Residência penhorada

Além da retenção de sua aposentadoria, Aldo Santos está sofrendo uma outra ilegalidade. Em 9 de fevereiro, ele recebeu a visita de dois oficiais de justiça, que deram procedimento à penhora de seu único imóvel, local de sua moradia, que agora pode ir a leilão a qualquer momento. E isso está ocorrendo apesar de a situação não constituir nenhuma das exceções que permitem a penhorabilidade do bem de família, garantia mínima para a vida digna.

"O Poder Judiciário está sendo usado para uma tentativa de silenciamento político", afirmou Aldo Santos, que também destacou o fato de estar sofrendo, junto com Camila, a perda de seus direitos políticos. "Eles te pegam de todos os lados para tentar te humilhar, para tentar te destruir do ponto de vista psicoemocional, para poder tentar te silenciar e calar o movimento social, mas eu acho que eles mexeram com a pessoa errada. Enquanto houver pessoas sem teto, enquanto não se fizer a reforma agrária e a reforma urbana, eu não vou me calar, vou continuar de cabeça erguida com a convicção de que estou do lado certo, o lado das pessoas humilhadas, excluídas e segregadas neste país há mais de 500 anos", afirmou.

Sem lesão ao erário

O advogado Jaime Fregel ressaltou que a acusação de improbidade administrativa movida contra Aldo Santos foi motivada por um ato de socorro às pessoas em situação de vulnerabilidade, em que o vereador disponibilizou uma Kombi da Câmara Municipal para retirar pessoas da ocupação, em especial crianças, idosos e pessoas com enfermidade, visto que haveria uma ação policial de reintegração de posse com possível confronto entre polícia e ocupantes. O veículo, que estava à disposição do mandato de Aldo Santos, não sofreu nenhuma avaria que pudesse causar prejuízo aos cofres públicos, tampouco gerou qualquer benefício pessoal ao vereador, o que foi apurado pelo Legislativo municipal em sede de sindicância.

"É importante destacar ainda que socorrer pessoas e tirá-las de uma situação de risco é função do Estado. Foi somente ante à omissão do Estado que o vereador atuou para executar uma atribuição prevista na Constituição Federal", ponderou o advogado.

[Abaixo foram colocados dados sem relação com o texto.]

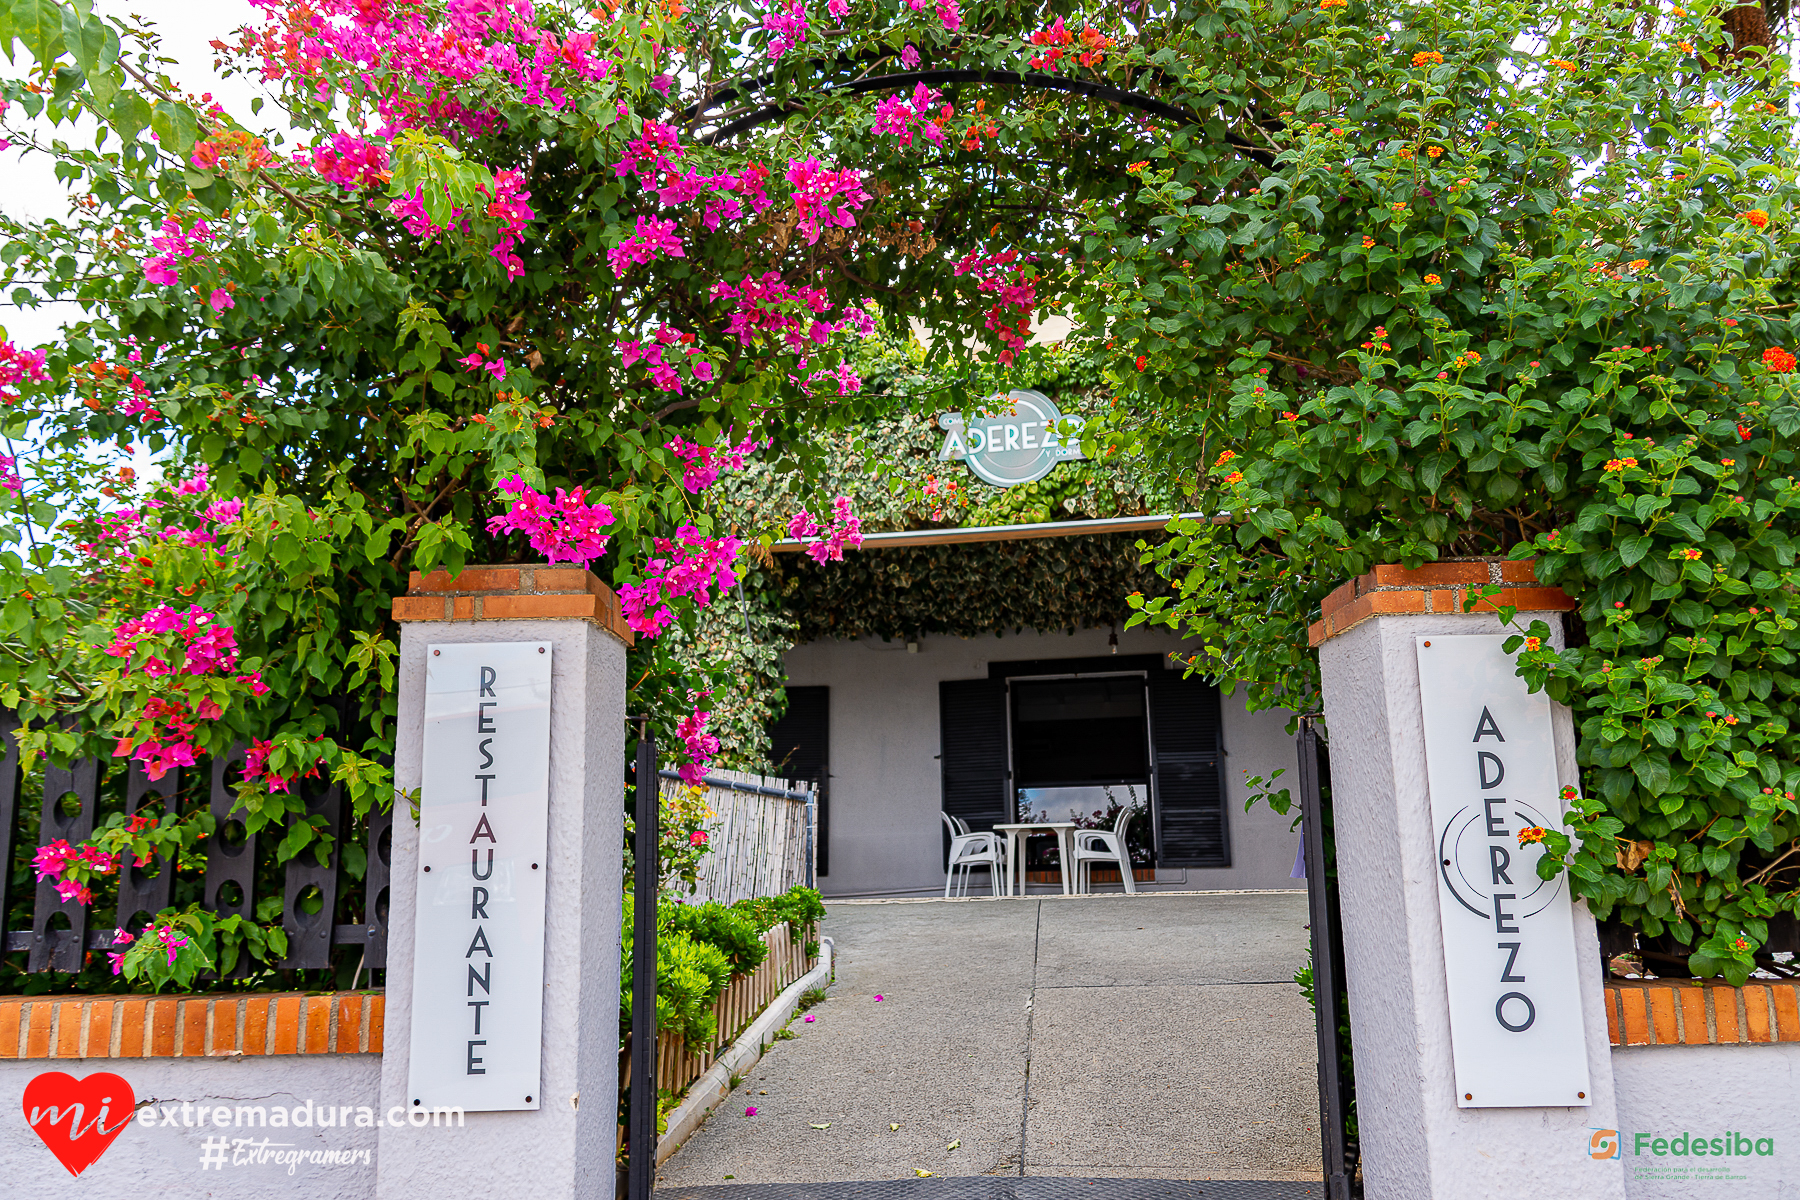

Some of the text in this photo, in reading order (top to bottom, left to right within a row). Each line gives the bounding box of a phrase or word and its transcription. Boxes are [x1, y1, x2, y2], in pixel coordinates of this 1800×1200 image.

Fregel defende ainda o caráter retroativo, quando em benefício de réu, da Nova Lei de Improbidade Administrativa (Lei 14.230/2021), que passou a exigir, para a configuração do delito, o dolo específico, ou seja, a demonstração da má-fé por meio de um conluio entre os agentes. "Essa responsabilização foi dada de forma arbitrária ao professor Aldo e à doutora Camila. Hoje, essa decisão é completamente anacrônica", argumentou.

Apoios

Para o vereador Celso Giannazi (PSOL), há obviamente um processo de criminalização dos movimentos de moradia que não pode ser normalizado. "Nós vamos usar a tribuna da Câmara Municipal para denunciar esse absurdo e buscar formas de rever essa punição, inclusive porque ela abre um precedente muito ruim para qualquer movimento social." Celso Giannazi também se comprometeu a aprovar no maior parlamento municipal da América Latina uma moção de repúdio a essa condenação injusta, movimento que será também feito por Carlos Giannazi na Assembleia Legislativa e pela deputada federal Luciene Cavalcante (PSOL-SP), em Brasília.

Para a deputada federal, ante o evidente caso de "lawfare", a instância a ser acionada é o Conselho Nacional de Justiça (CNJ), órgão competente para responsabilizar magistrados por decisões arbitrárias. Conforme sugestão de Carlos Giannazi, será acionado também o Conselho Nacional do Ministério Público, uma vez que a ação em questão teve origem no MP estadual.

"Esse é mais um ataque à nossa democracia, que é tão fragilizada. É uma tentativa absurda de calar as vozes de quem sempre esteve ao lado da população, organizando e fortalecendo aqueles que mais precisam. A luta pela casa e pela terra é a luta que funda esse país, e os senhores da Casa Grande até hoje insistem em negar esse mínimo ao povo, uma casa para morar", afirmou Luciene. "Camila e Aldo merecem um pedido de desculpas do Estado brasileiro, e uma indenização, porque são mais de duas décadas de perseguição e sofrimento", analisou.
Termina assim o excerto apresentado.